Output all records exactly.

........

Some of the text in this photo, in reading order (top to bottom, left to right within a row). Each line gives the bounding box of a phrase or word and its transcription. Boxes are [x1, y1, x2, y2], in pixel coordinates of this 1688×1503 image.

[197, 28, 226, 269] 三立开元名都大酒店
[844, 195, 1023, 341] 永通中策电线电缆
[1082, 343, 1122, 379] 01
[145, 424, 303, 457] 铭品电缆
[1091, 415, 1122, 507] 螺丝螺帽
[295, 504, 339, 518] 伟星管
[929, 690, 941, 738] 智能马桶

........

OUTPUT BELOW ->
Some of the text in this photo, in reading order (top to bottom, left to right within a row). Each line gives the bounding box of a phrase or word and its transcription. Boxes are [x1, y1, x2, y2], in pixel coordinates of this 1688×1503 image.

[197, 28, 226, 269] 三立开元名都大酒店
[844, 195, 1023, 341] 永通中策电线电缆
[1082, 343, 1122, 379] 01
[145, 424, 303, 457] 铭品电缆
[1091, 415, 1122, 507] 螺丝螺帽
[295, 504, 339, 518] 伟星管
[929, 690, 941, 738] 智能马桶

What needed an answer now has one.